WHAT NEEDS TO BE DONE. Leaving every image behind, reproduce the records word for word.

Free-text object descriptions
---*---
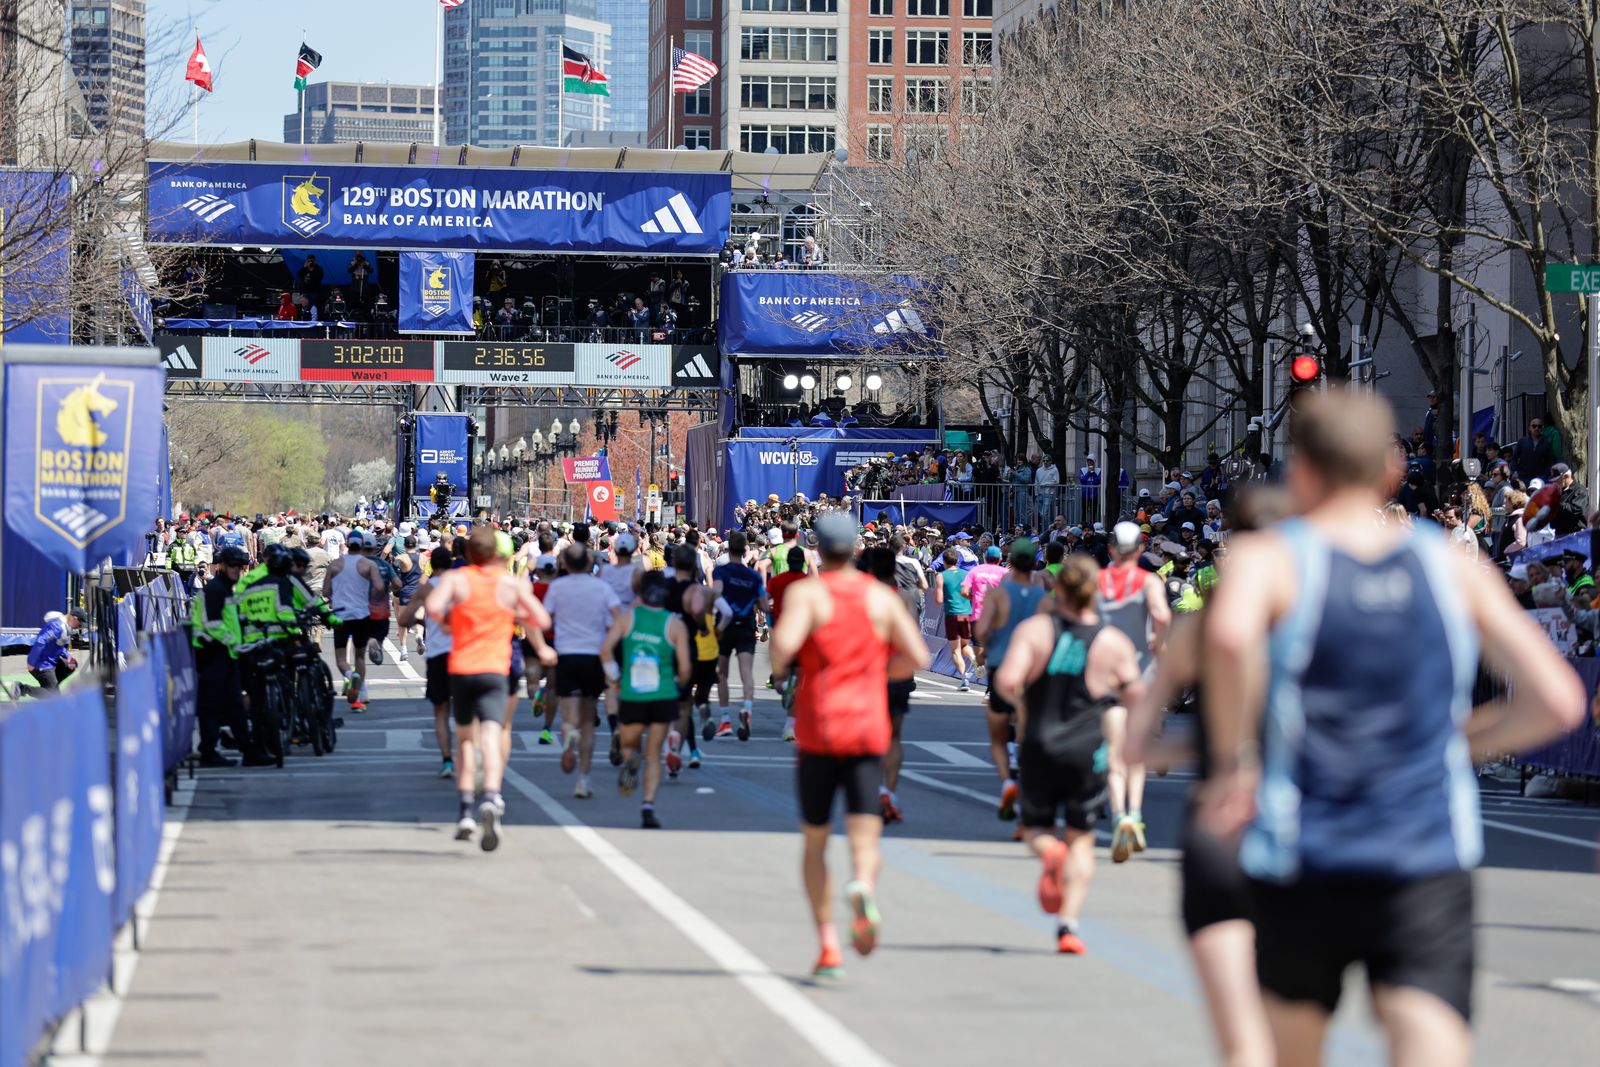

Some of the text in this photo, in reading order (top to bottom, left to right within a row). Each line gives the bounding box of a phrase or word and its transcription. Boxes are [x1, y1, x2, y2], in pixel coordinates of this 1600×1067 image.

[390, 188, 476, 208] BOSTON
[482, 190, 602, 211] MARATHON
[343, 214, 494, 228] BANK OF AMERICA
[810, 298, 861, 306] AMERICA
[334, 346, 404, 364] 3:02:00
[475, 348, 545, 366] 2:36:56
[352, 371, 388, 380] Wave 1
[490, 374, 529, 382] Wave 2
[41, 450, 124, 471] BOSTON
[760, 452, 798, 464] WCVB
[41, 470, 121, 487] MARATHON
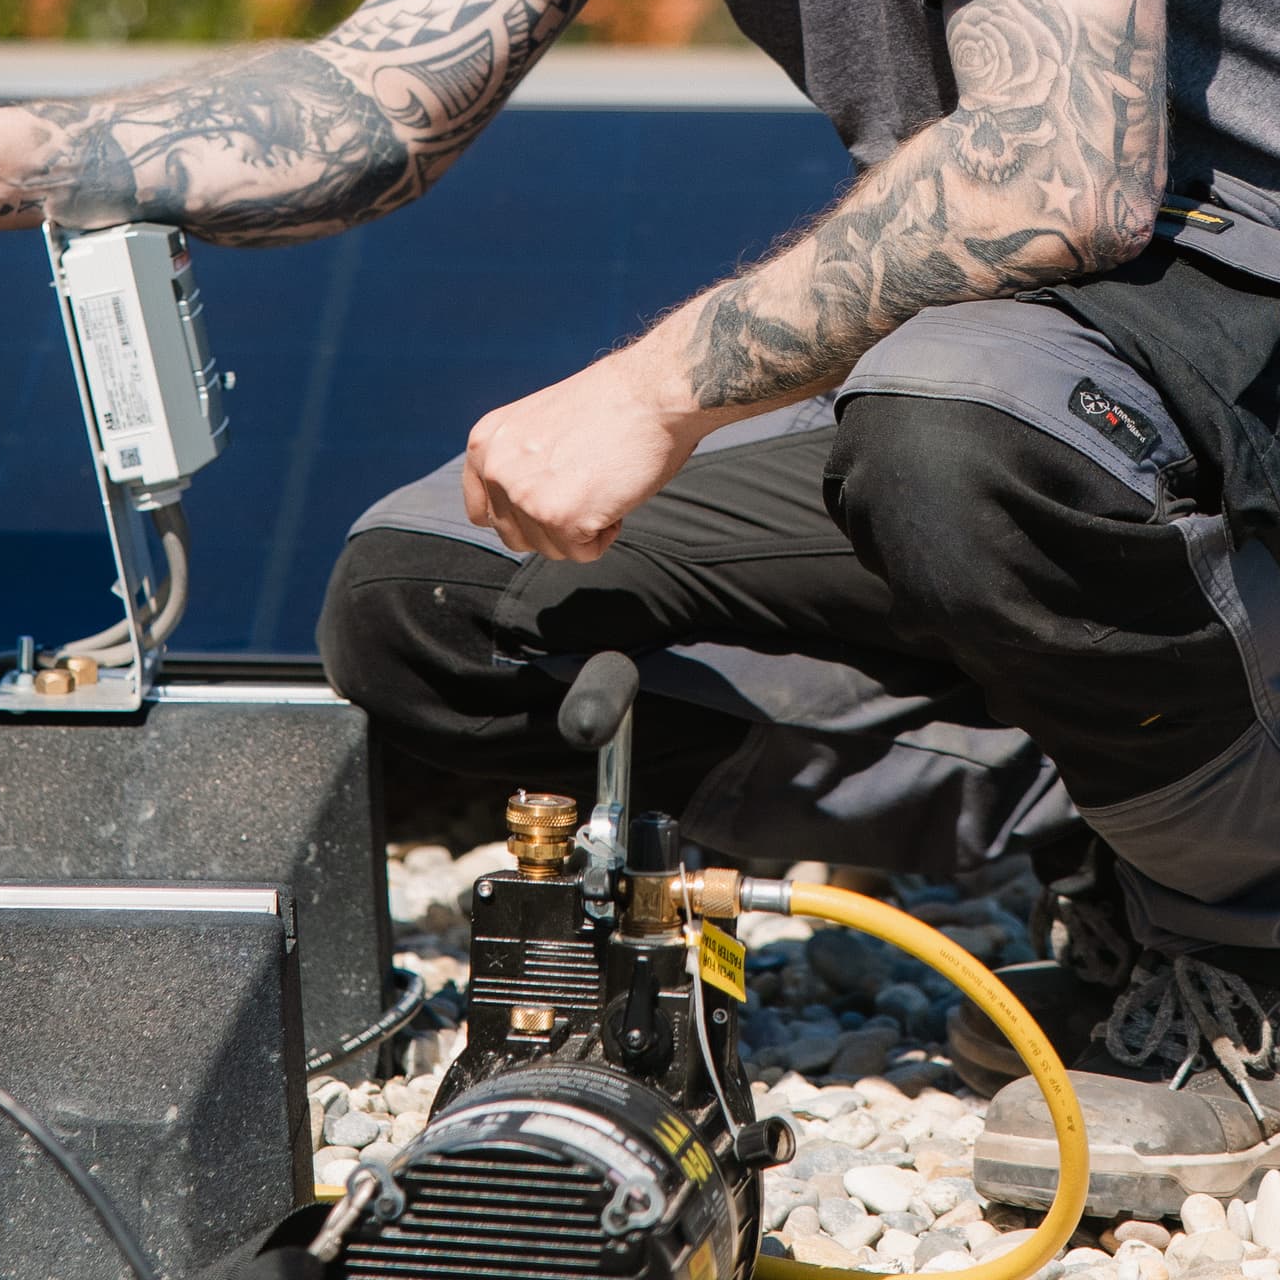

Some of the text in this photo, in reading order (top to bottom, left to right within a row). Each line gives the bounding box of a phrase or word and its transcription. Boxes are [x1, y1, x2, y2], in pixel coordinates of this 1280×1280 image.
---*---
WRITTEN SOLUTION.
Some of the text in this photo, in reading order (top to bottom, left to right within a row). Each line gives the bounding box of a phrase or word and its transcription. Boxes are [x1, y1, x2, y2], in pixel coordinates of this 1600×1067 image.

[390, 188, 476, 208] BOSTON
[482, 190, 602, 211] MARATHON
[343, 214, 494, 228] BANK OF AMERICA
[810, 298, 861, 306] AMERICA
[334, 346, 404, 364] 3:02:00
[475, 348, 545, 366] 2:36:56
[352, 371, 388, 380] Wave 1
[490, 374, 529, 382] Wave 2
[41, 450, 124, 471] BOSTON
[760, 452, 798, 464] WCVB
[41, 470, 121, 487] MARATHON

Some of the text in this photo, in reading order (top to bottom, left to right within a row). Each line gives the bounding box of a phrase or word and its transcription. Boxes are [x1, y1, x2, y2], in pixel coordinates of this 1280×1280 image.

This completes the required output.